T-Mobile USA répond enfin aux attentes de Deutsche Telekom

Sa filiale américaine a gagné des abonnés au deuxième trimestre, une première depuis trois ans. Le groupe va amplifier ses investissements
Olivier Pinaud

Deutsche Telekom n’a pas encore gagné la bataille qu’il mène depuis des mois pour relancer sa filiale T-Mobile USA, mais l’opérateur vient de remporter une première manche encourageante. Pour la première fois depuis trois ans, le groupe est parvenu à gagner des abonnés aux Etats-Unis: 689.000 au deuxième trimestre.
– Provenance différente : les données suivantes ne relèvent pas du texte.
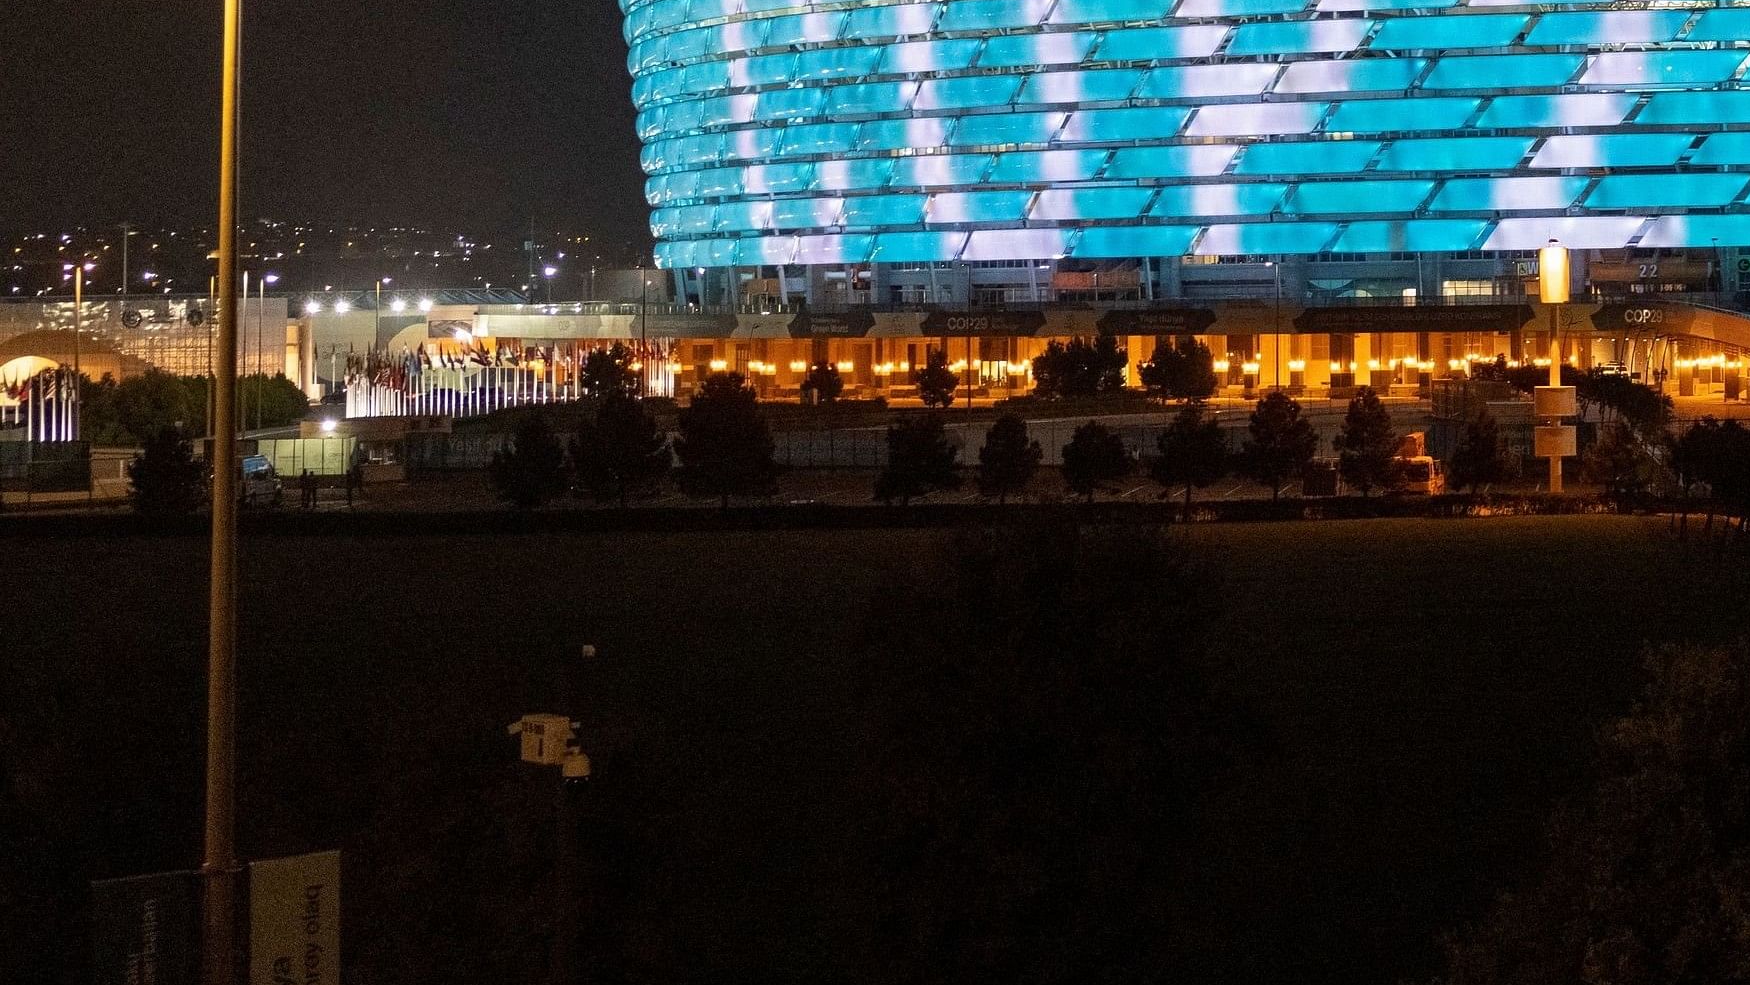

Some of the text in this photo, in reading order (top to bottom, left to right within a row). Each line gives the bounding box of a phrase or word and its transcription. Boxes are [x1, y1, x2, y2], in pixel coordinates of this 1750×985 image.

[1639, 264, 1657, 278] 22
[1624, 309, 1663, 324] COP29
[946, 317, 989, 331] COP29
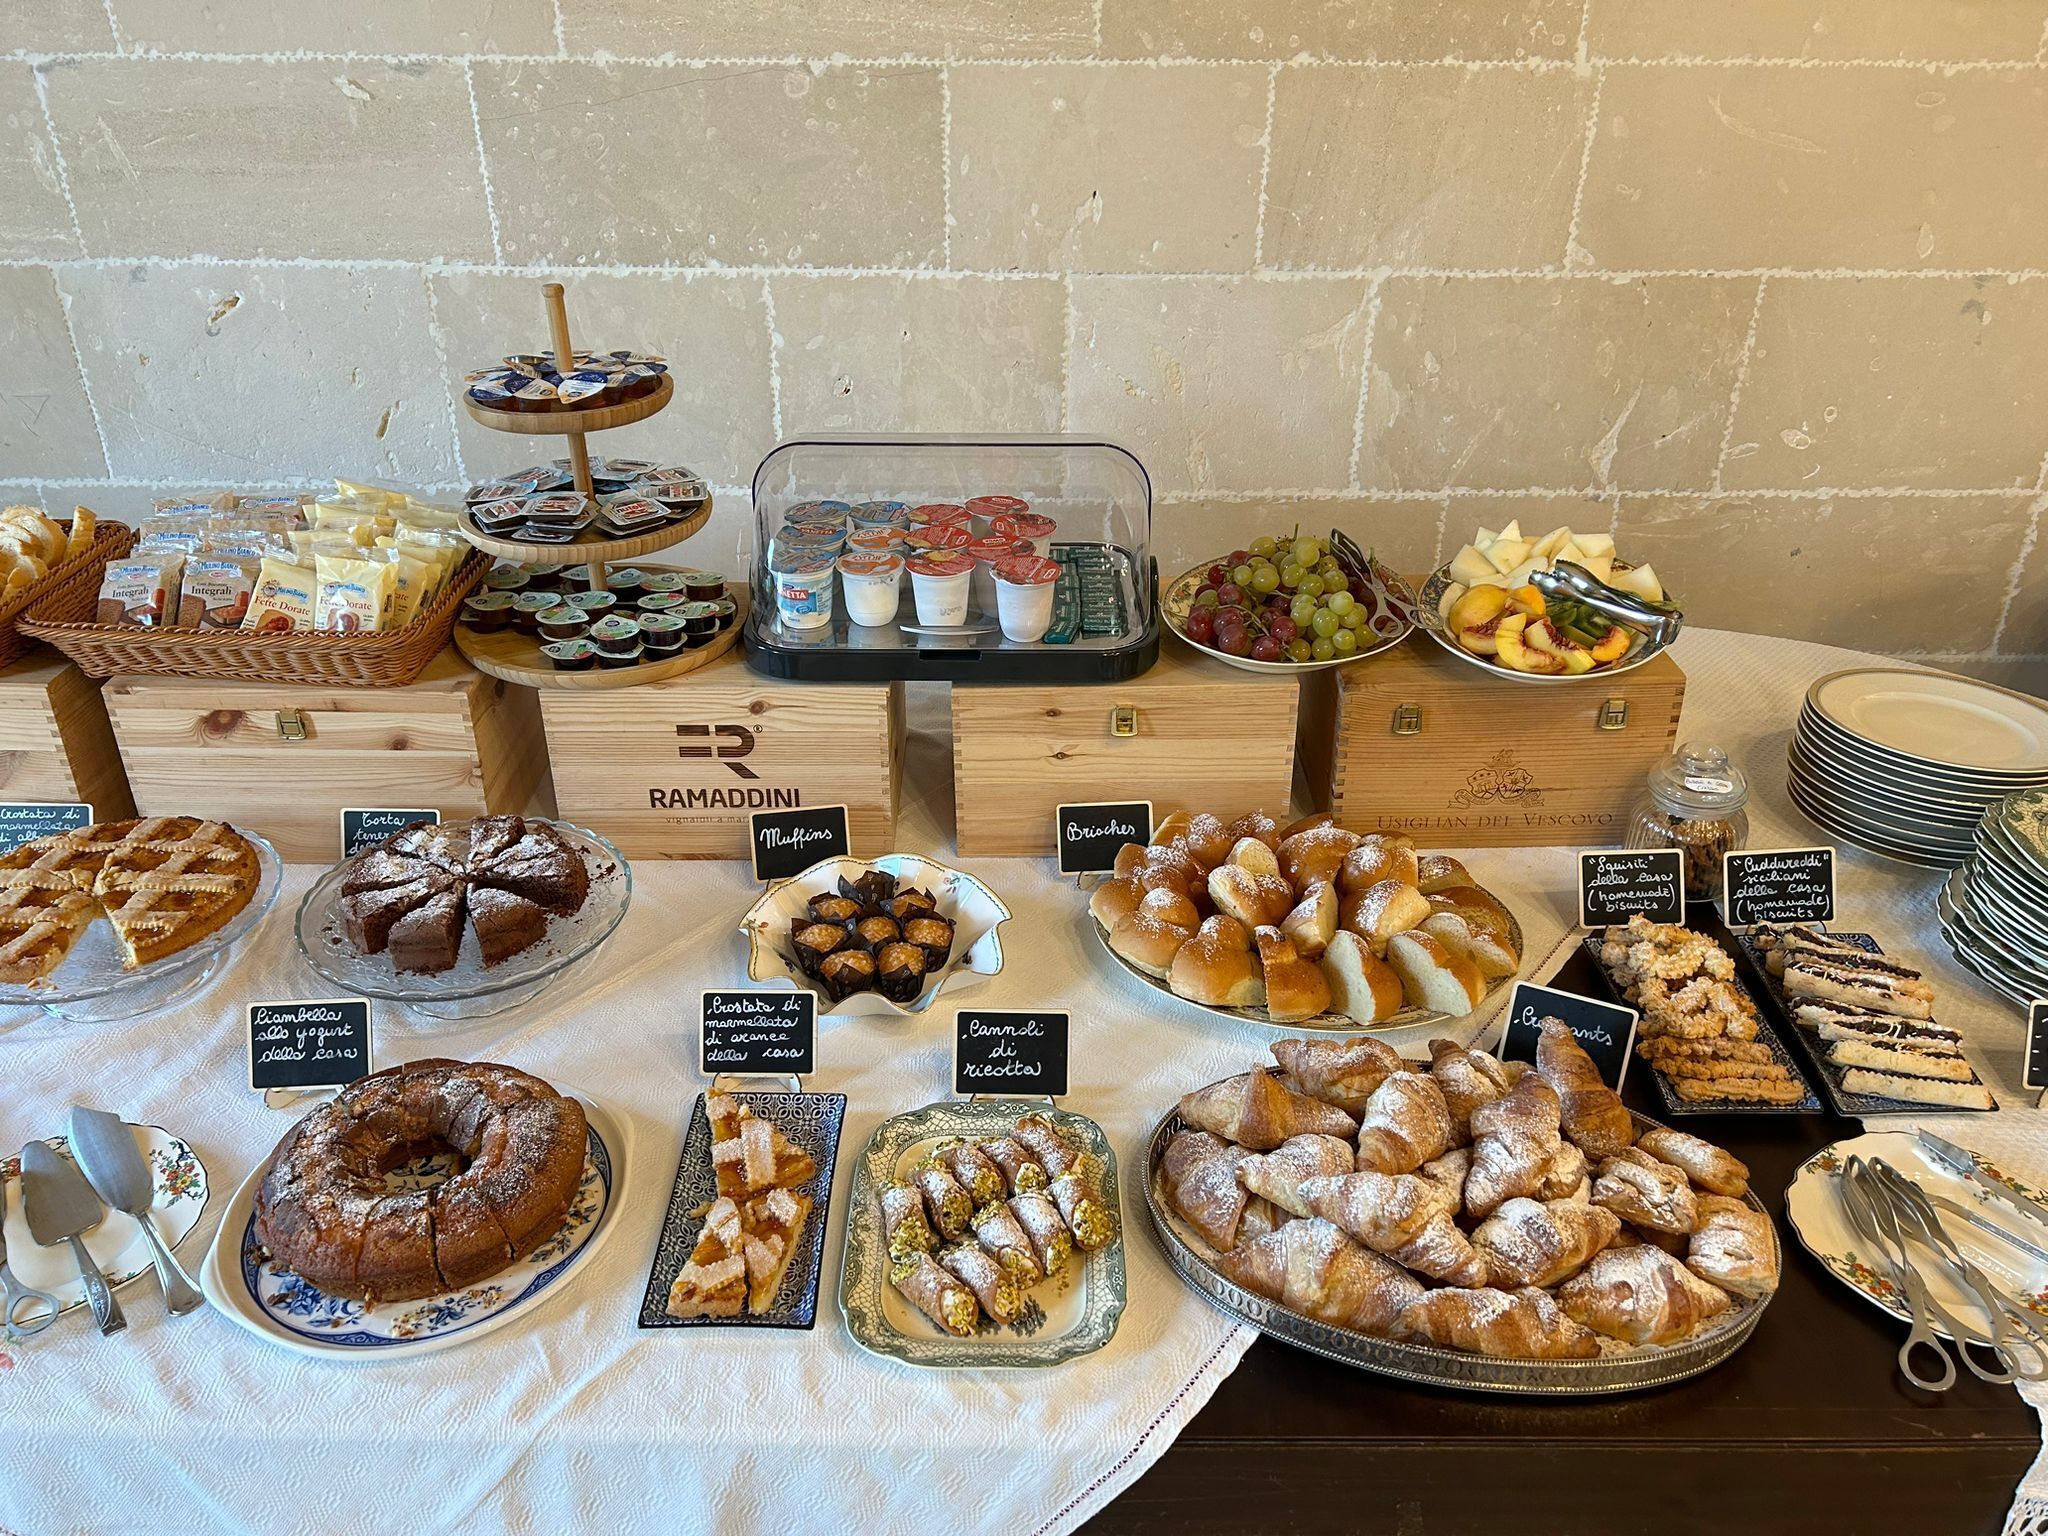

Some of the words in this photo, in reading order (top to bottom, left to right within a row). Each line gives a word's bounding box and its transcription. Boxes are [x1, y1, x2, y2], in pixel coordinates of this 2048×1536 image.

Une prouesse que l’allemand compte bien rééditer au cours des prochains trimestres, porté par l’élan semble-t-il réussi du rapprochement bouclé avec MetroPCS en mai dernier.

La direction de Deutsche Telekom est ainsi prête à ponctionner 500 millions d’euros sur l’enveloppe initiale de cash-flow libre annuel du groupe pour soutenir la relance commerciale de T-Mobile USA. Objectif: gagner encore entre 500.000 et 700.000 nouveaux abonnés aux Etats-Unis dans les six prochains mois. Le quatrième opérateur américain pourrait ainsi finir l’année avec près de 1,2 million d’abonnés supplémentaires par rapport à fin 2012. «Nous sommes au cœur d’un important redressement aux Etats-Unis et nous voulons le mener à bien», insiste René Obermann, le directeur général de Deutsche Telekom, qui quittera le groupe en fin d’année.

Si elle venait à se confirmer, cette évolution enfin favorable aux Etats-Unis, deuxième marché du groupe avec 29% de son chiffre d’affaires, pourrait relancer la spéculation sur la présence de Deutsche Telekom dans ce pays. Dans le cadre du rapprochement avec MetroPCS, le groupe allemand s’est engagé à ne céder aucune action de sa filiale sur le marché pendant 18 mois. Mais il a bien précisé que rien ne l’empêche de vendre l’intégralité de sa part de 74,29% à un investisseur tiers. Le marché américain des télécoms est en pleine effervescence. Outre le rapprochement T-Mobile USA-MetroPCS, Sprint, le numéro trois du secteur derrière AT&T et Verizon Wireless, est en cours de rachat par le japonais SoftBank.

En attendant, Deutsche Telekom va devoir se pencher sur l’évolution de ses affaires en Allemagne où la concurrence fait rage et où plusieurs de ses concurrents sont également en cours de fusion. Au coude à coude dans le mobile avec Vodafone, avec environ 35% chacun, l’opérateur va voir émerger un nouveau concurrent solide, avec 30% du marché, né de la fusion entre E-Plus et Telefonica Deutschland.